I can't believe they didnt cut us off after we all hugged each other and started singing "were the 3 best friends that anybody could have" RIGHT IN FRONT of the bar and bartender...
I woke up on karas dogs bed. Lets evaluate our lives.
The things happening in my intestines right now should only ever happen at truck stops and frat houses.
He got weirdly turned on by the video of my cat licking nacho cheese off my finger.
You're 21st was epic. I woke up at 6 a.m. on the floating beer pong table in the pool with a beer still in hand. Didn't even spill any
Just found out I made out with the 40 year old Captain of the boat at the barge party. On the bright side he let me drive the boat so at least there's that.

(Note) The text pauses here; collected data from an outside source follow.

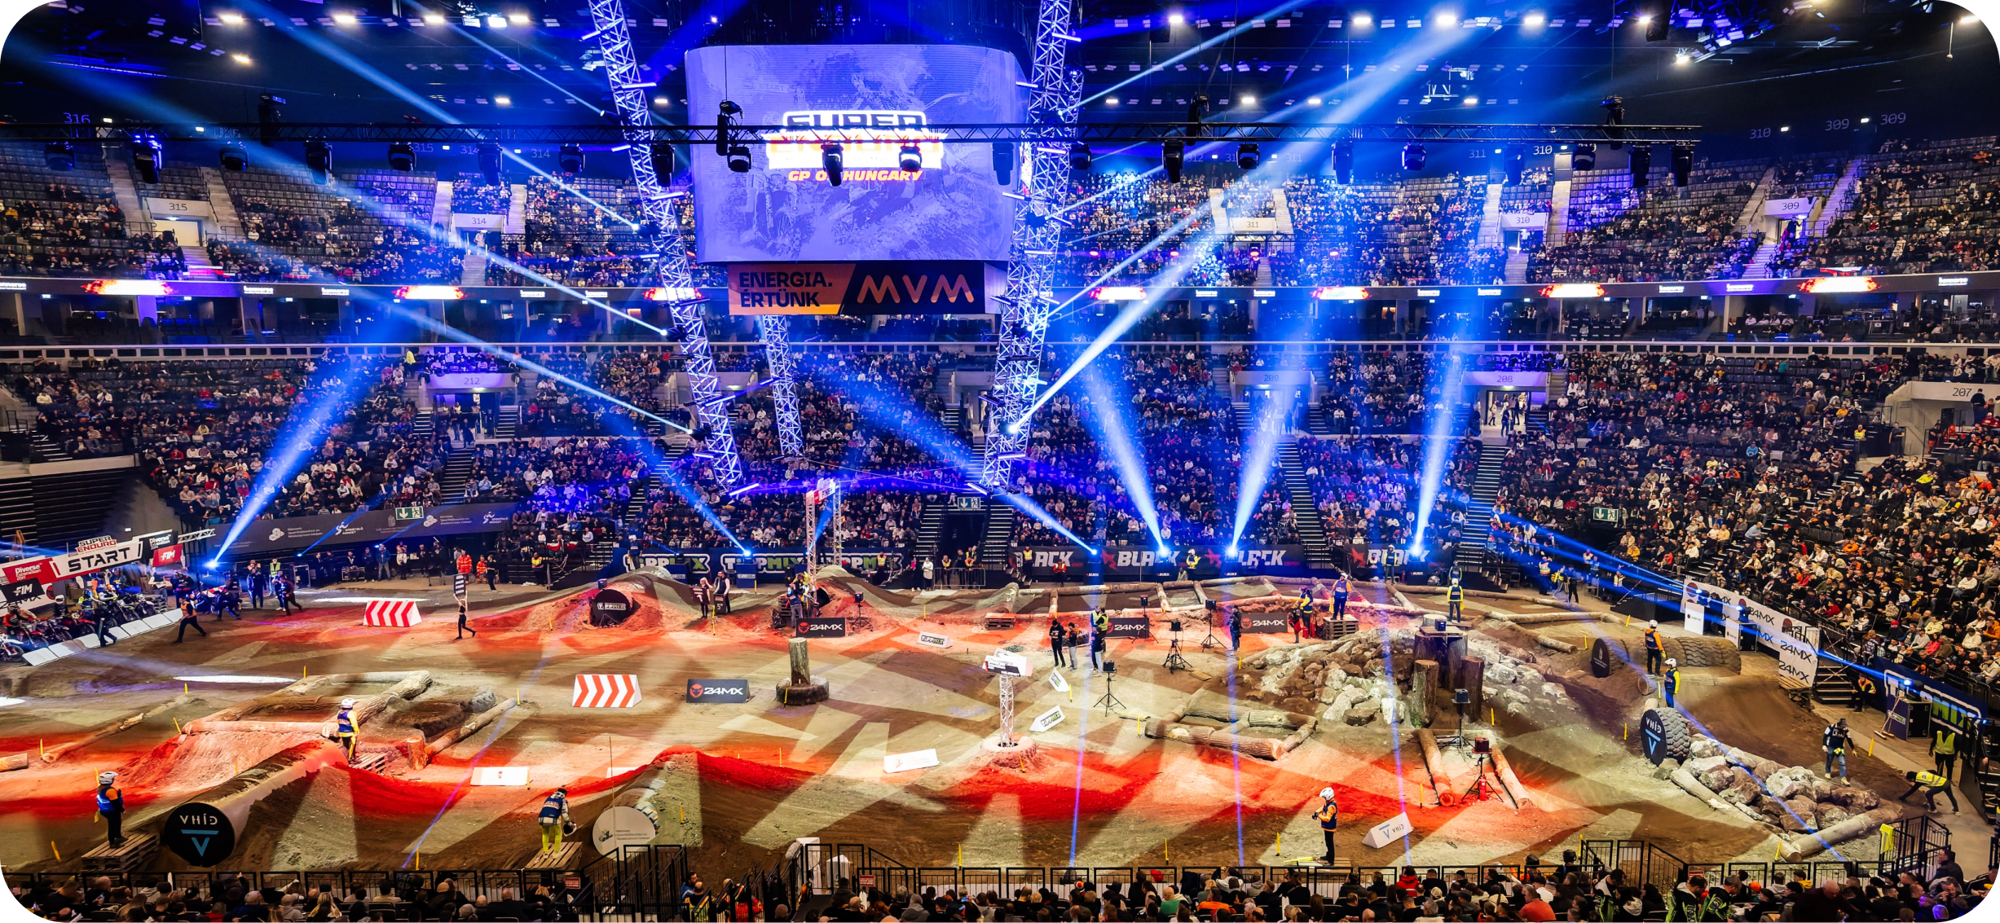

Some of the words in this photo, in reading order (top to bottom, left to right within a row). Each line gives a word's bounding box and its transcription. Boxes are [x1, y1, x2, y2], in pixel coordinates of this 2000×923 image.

[1825, 118, 1849, 131] 309
[1880, 112, 1906, 126] 309
[1750, 127, 1771, 139] 310
[1469, 149, 1486, 158] 311
[1533, 145, 1553, 156] 310
[788, 170, 811, 181] GP
[842, 170, 923, 182] HUNGARY
[169, 203, 188, 211] 315
[1782, 202, 1800, 210] 309
[471, 217, 487, 226] 314
[1246, 221, 1260, 229] 311
[1515, 216, 1530, 224] 310
[739, 271, 833, 288] ENERGIA.
[857, 274, 975, 304] MVM
[740, 287, 821, 308] ÉRTÜNK
[463, 377, 480, 386] 212
[1497, 375, 1513, 383] 208
[1952, 387, 1972, 397] 207
[77, 540, 117, 553] ENDURO
[67, 547, 130, 573] START
[13, 583, 33, 596] FIM
[810, 623, 843, 632] 24MX
[1252, 619, 1285, 627] 24MX
[1780, 640, 1813, 663] 24MX
[1778, 661, 1810, 685] 24MX
[703, 687, 744, 695] 24MX
[179, 813, 218, 825] VHÍD
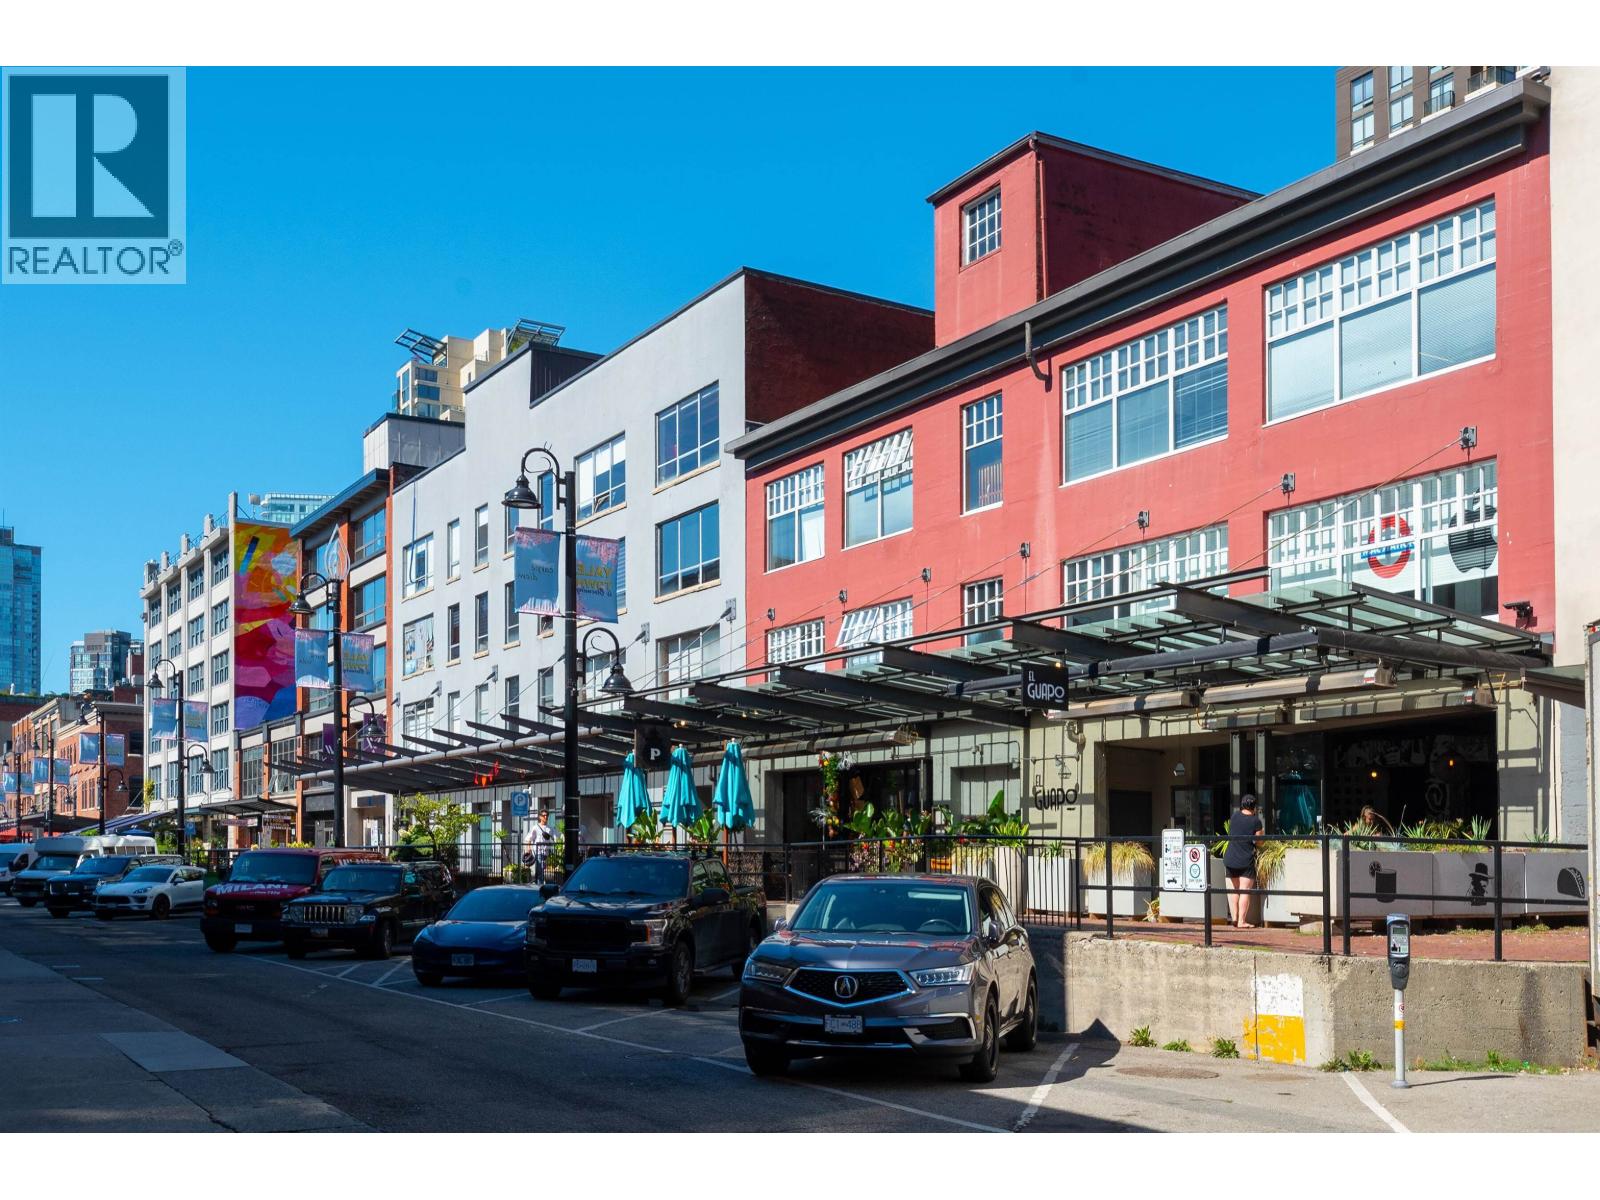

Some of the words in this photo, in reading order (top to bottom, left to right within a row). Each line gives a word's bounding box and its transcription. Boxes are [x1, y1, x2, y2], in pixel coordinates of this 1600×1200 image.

Came home to my roommate drinking a 40 in the shower. Chugging with his hair still fully shampoo'd.
11/10 would buy him a McLobster
Thanks for being my pregnancy scare Sherpa...
He made me tacos after the sex. Best date ever!
I'm pretty sure I just came a kidney stone..
There's a set of buzz lightyear wings in lost and found at work. I just need access to your roof.
Btw I appreciate you as a friend for taking the time to validate my sluttiness
However many condoms you have, it isn't enough.
You ran up a $300 bar bill on his card and he didn't have you arrested, be grateful and move on.